When you reach a picture, skip it, and retype every line below exactly.

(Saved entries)
-- Opening Marker --

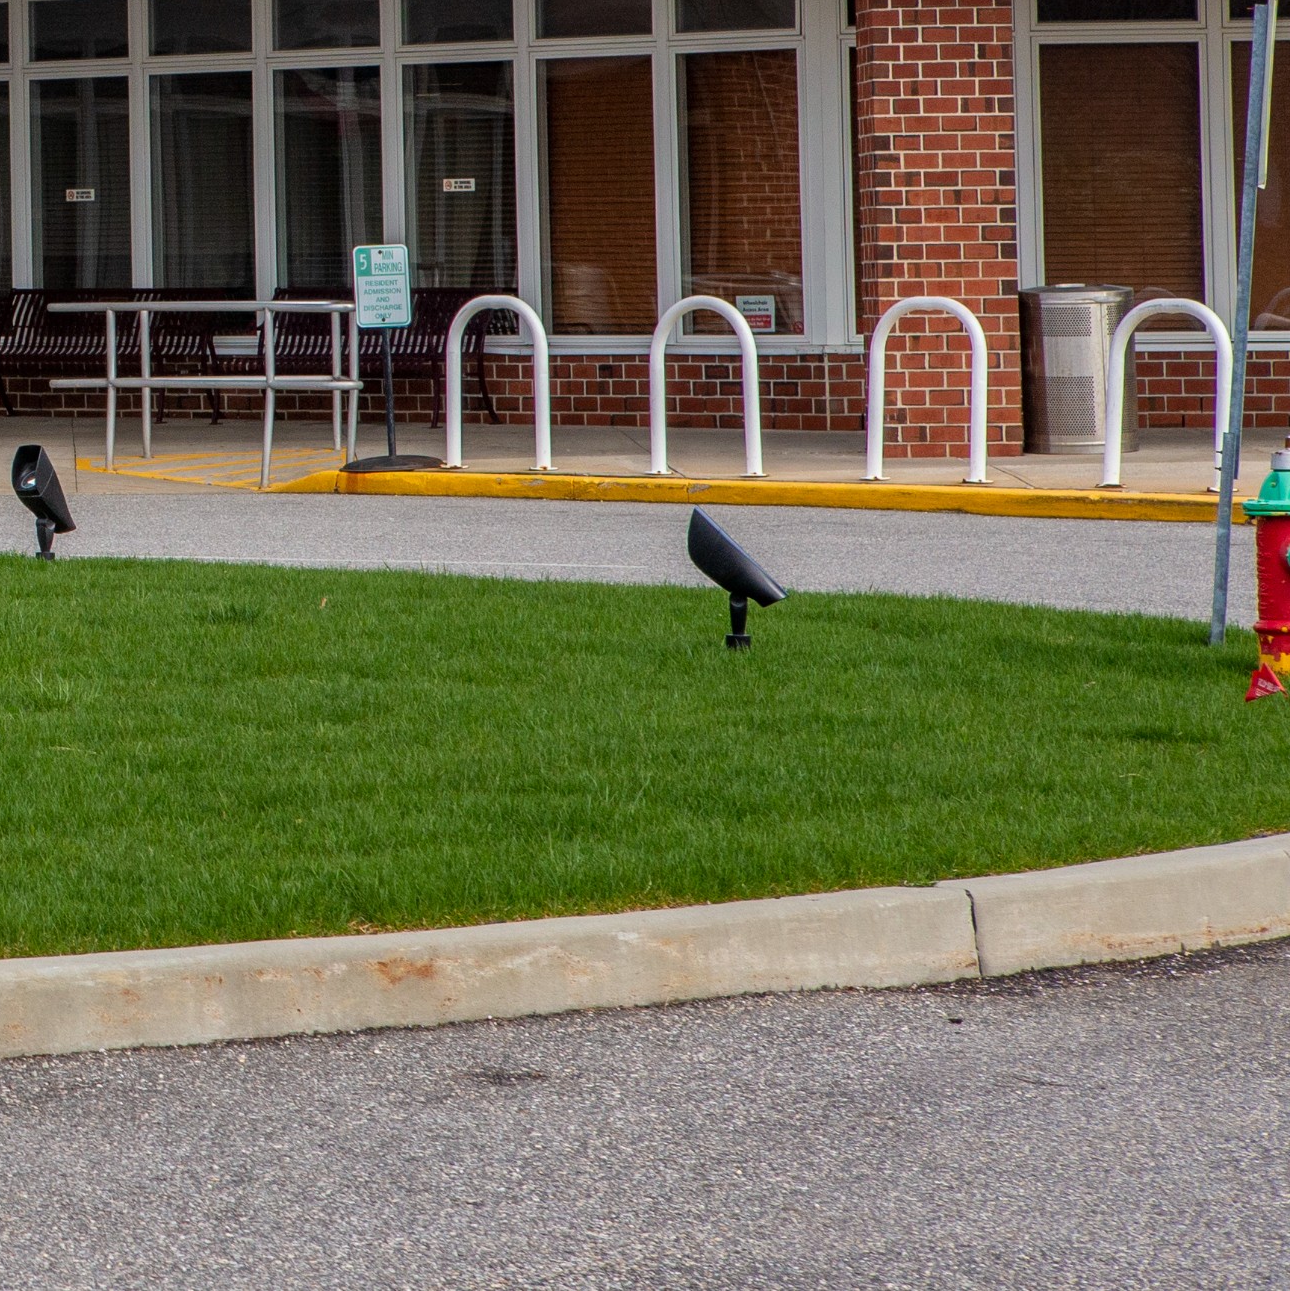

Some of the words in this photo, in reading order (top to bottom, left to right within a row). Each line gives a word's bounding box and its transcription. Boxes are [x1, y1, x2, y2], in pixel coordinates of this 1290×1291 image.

[382, 250, 394, 260] MIN
[359, 254, 367, 270] 5
[374, 262, 402, 273] PARKING
[365, 279, 398, 287] RESIDENT
[364, 303, 402, 311] DISCHARGE
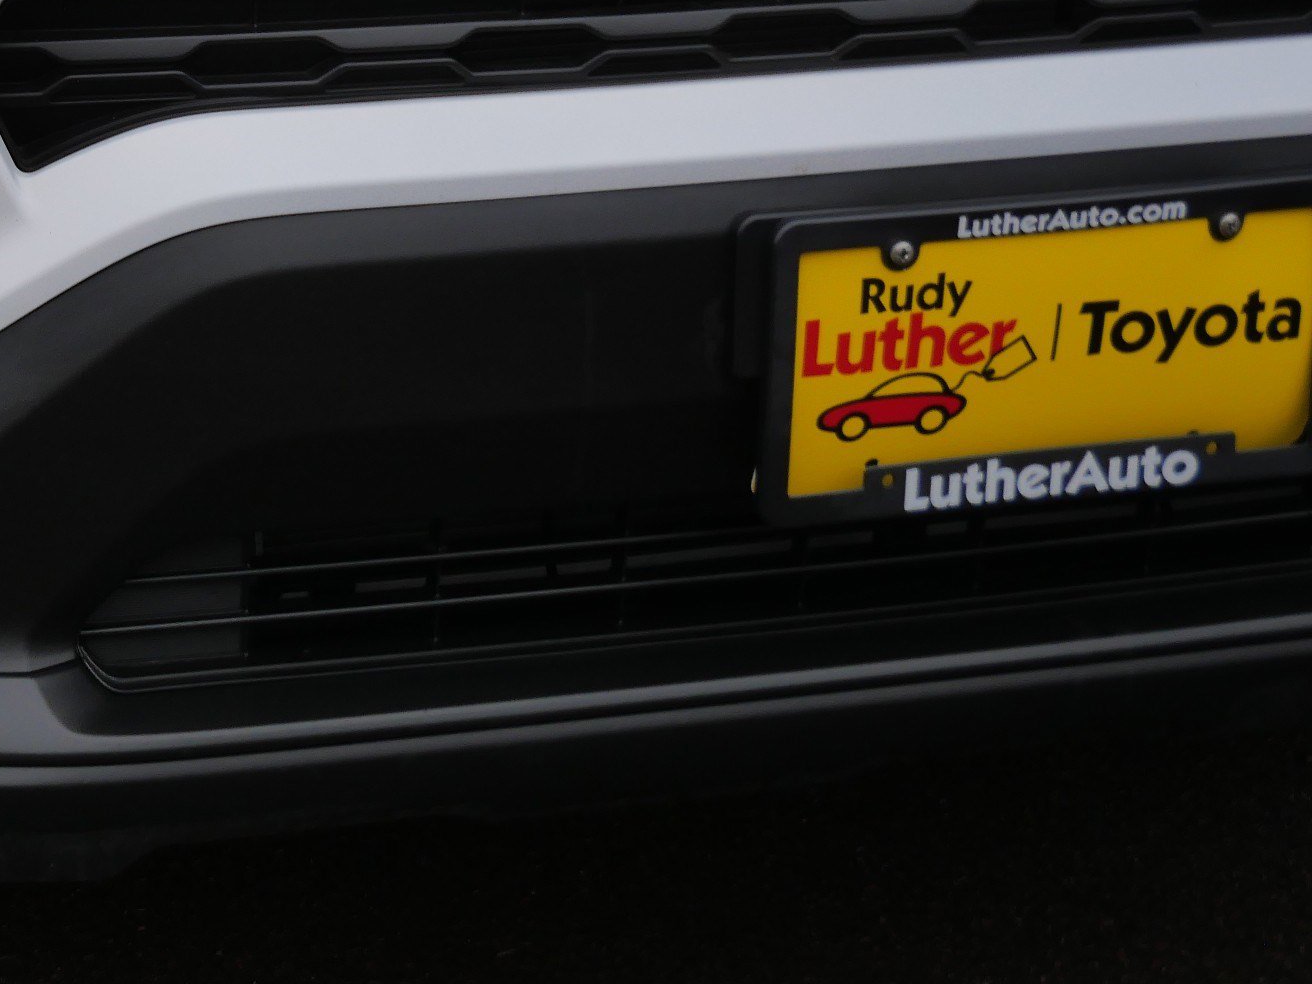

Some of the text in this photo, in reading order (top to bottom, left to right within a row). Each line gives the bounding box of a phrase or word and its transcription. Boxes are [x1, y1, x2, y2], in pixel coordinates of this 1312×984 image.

[957, 201, 1186, 239] LutherAuto.com
[860, 273, 972, 316] Rudy
[801, 289, 1302, 378] Luther Toyota
[903, 446, 1199, 512] LutherAuto
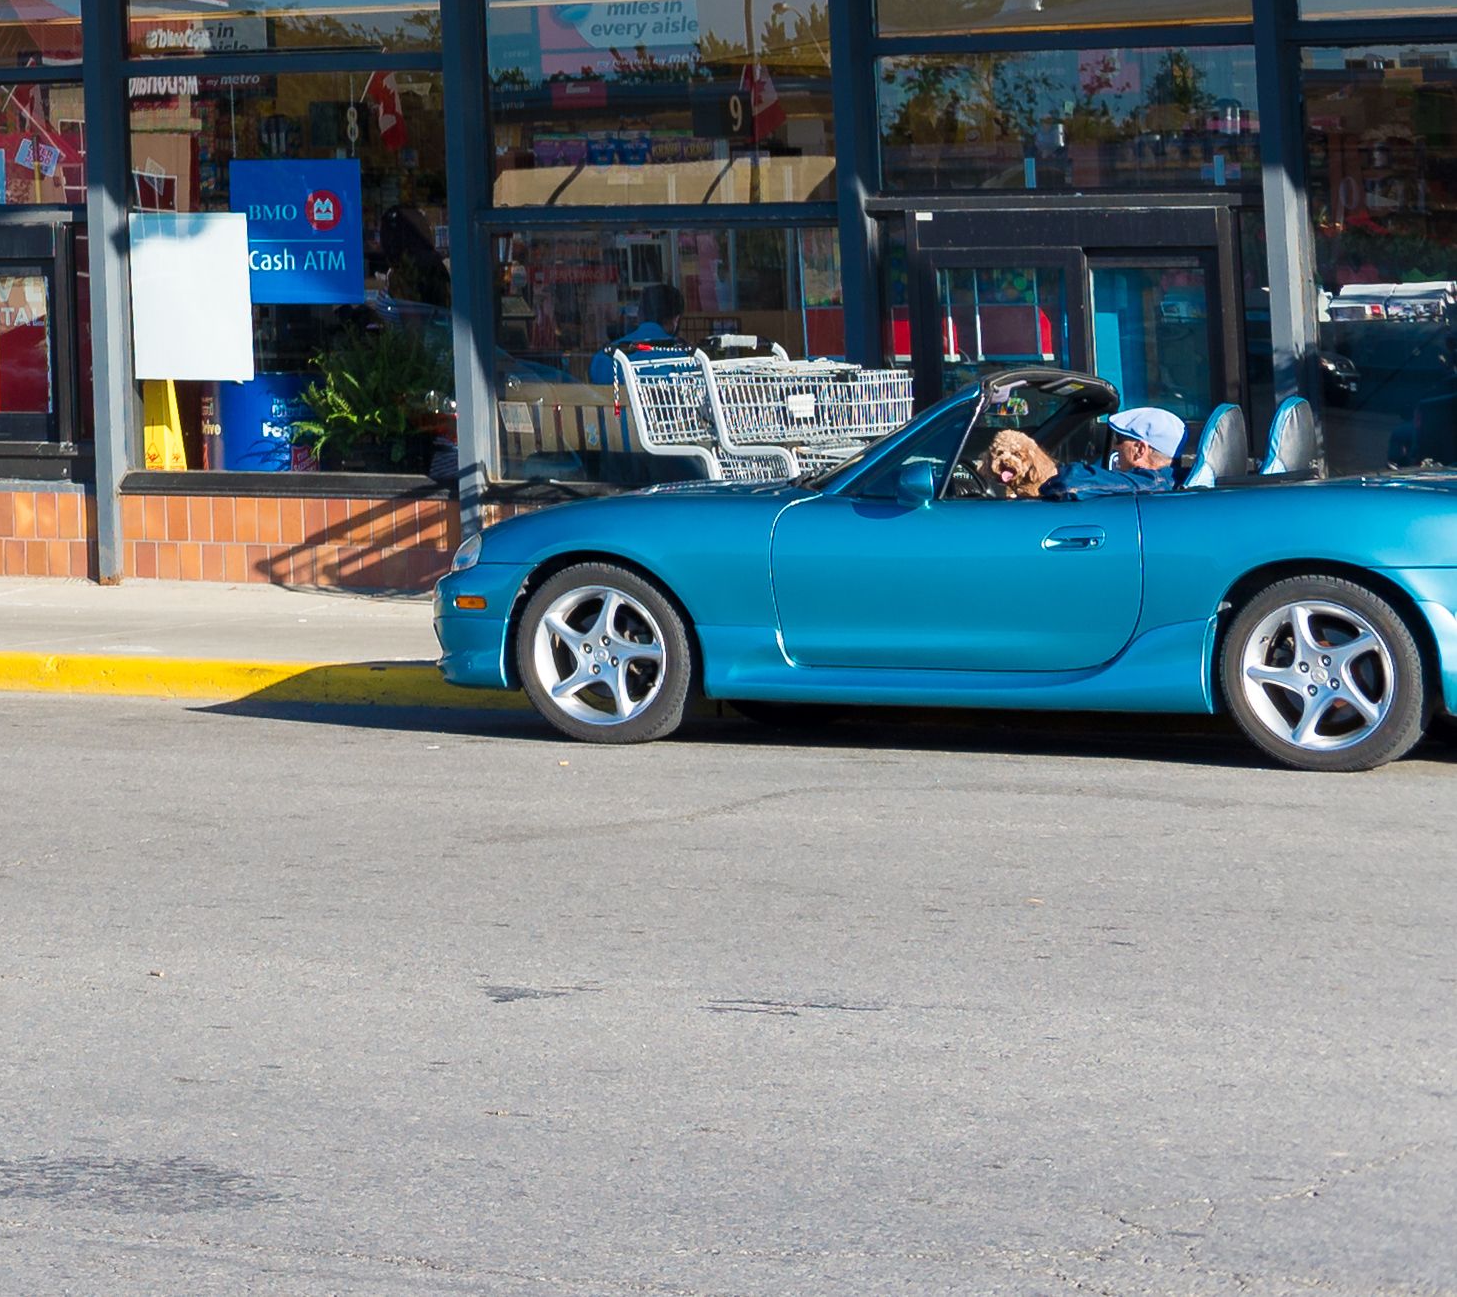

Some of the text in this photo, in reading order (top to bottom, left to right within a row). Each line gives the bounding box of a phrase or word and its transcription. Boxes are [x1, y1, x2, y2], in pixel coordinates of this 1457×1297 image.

[590, 16, 699, 39] every aisle
[729, 94, 742, 133] 9
[249, 204, 298, 221] BMO
[249, 248, 347, 272] Cash ATM
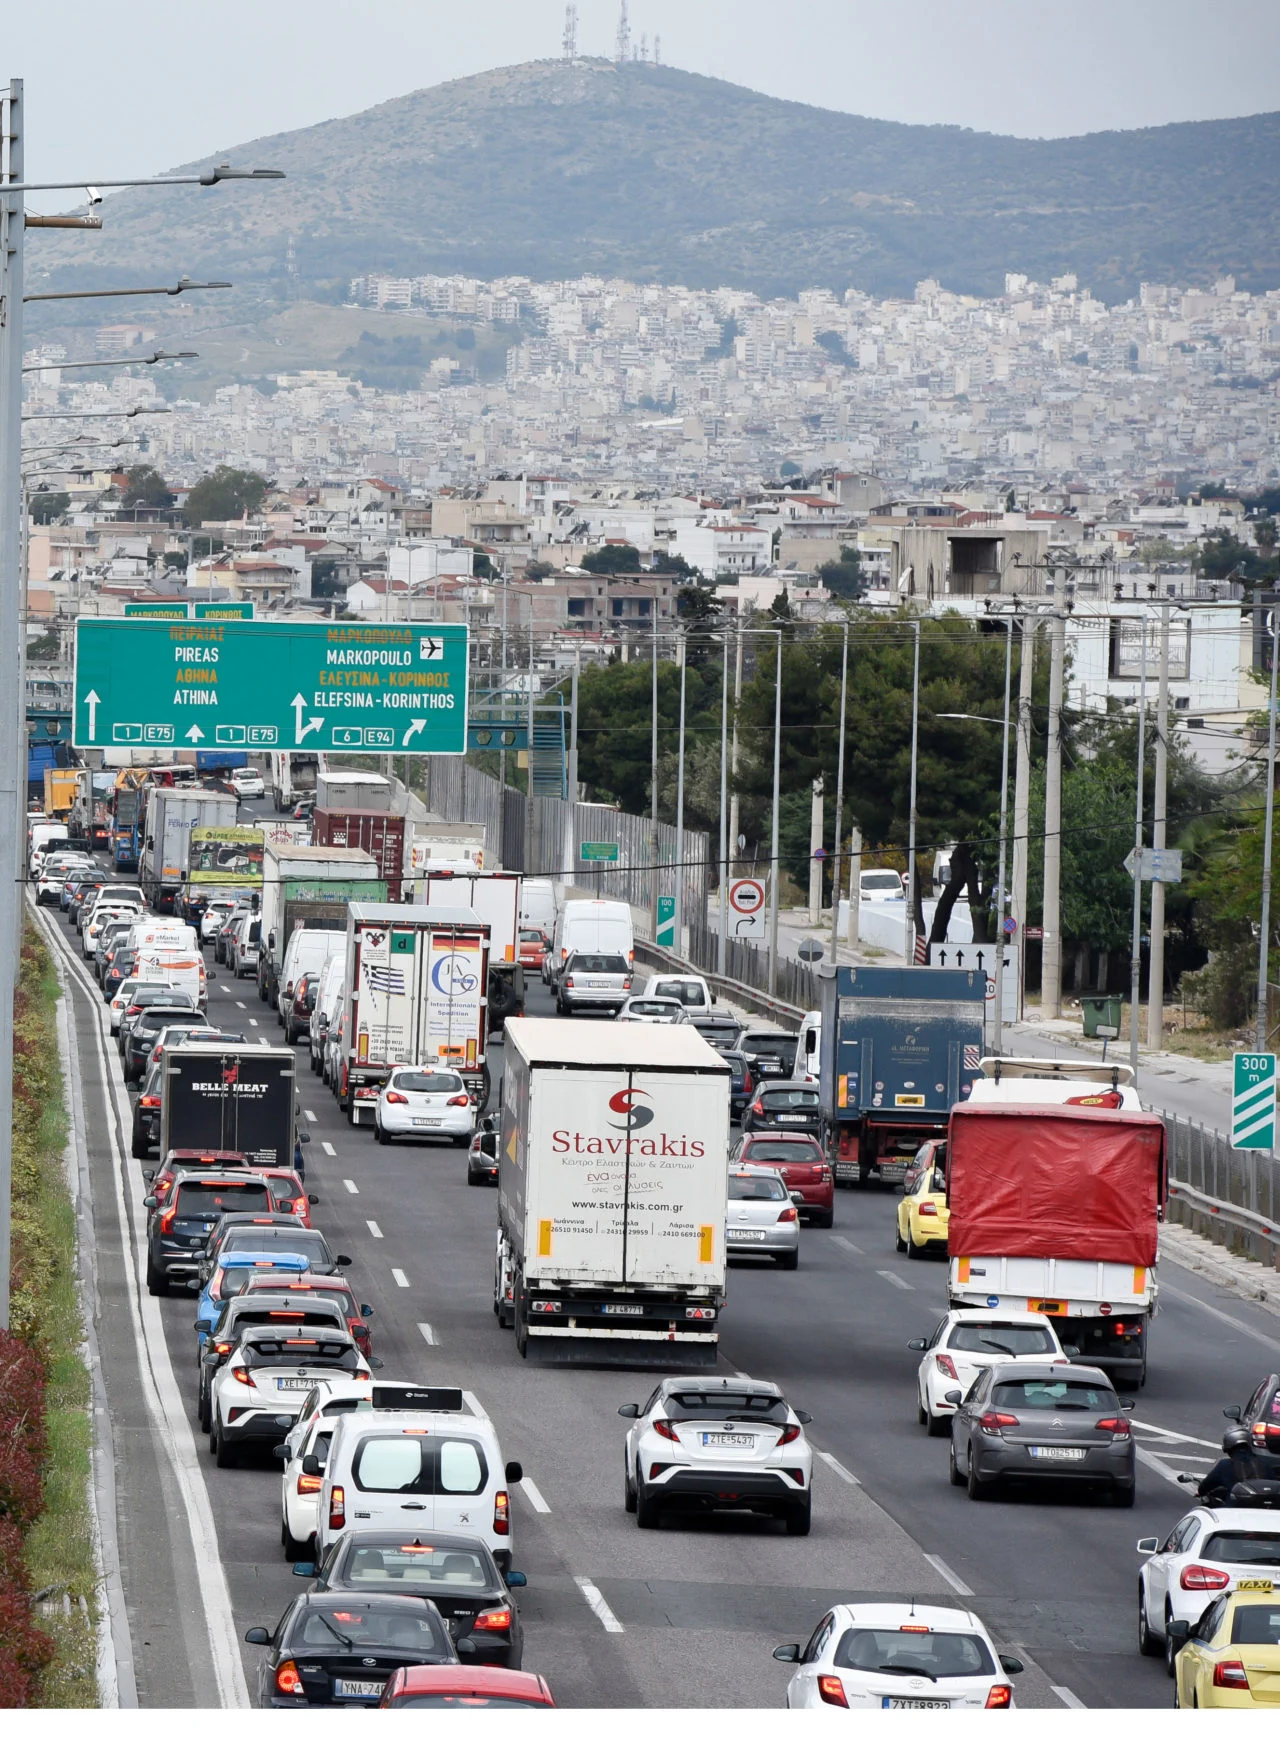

-- Closing Marker --

▸ **Response area**:
Some of the words in this photo, in reading order (top to bottom, left to right within a row). Each line gives a word's bounding box and its transcription. Boxes are [x1, y1, x2, y2], in pixel coordinates of this 1290×1291 image.

[382, 250, 394, 260] MIN
[359, 254, 367, 270] 5
[374, 262, 402, 273] PARKING
[365, 279, 398, 287] RESIDENT
[364, 303, 402, 311] DISCHARGE

Some of the text in this photo, in reading order (top to bottom, left to right within a row). Each line gives the bounding box of a phrase or word and its transcription. Boxes are [x1, y1, x2, y2], in pixel coordinates of this 1312×984 image.

[957, 201, 1186, 239] LutherAuto.com
[860, 273, 972, 316] Rudy
[801, 289, 1302, 378] Luther Toyota
[903, 446, 1199, 512] LutherAuto

Some of the text in this photo, in reading order (top to bottom, left to right within a row). Each line gives the bounding box of a phrase or word and its transcription. Boxes are [x1, y1, x2, y2], in pixel coordinates of this 1457×1297 image.

[590, 16, 699, 39] every aisle
[729, 94, 742, 133] 9
[249, 204, 298, 221] BMO
[249, 248, 347, 272] Cash ATM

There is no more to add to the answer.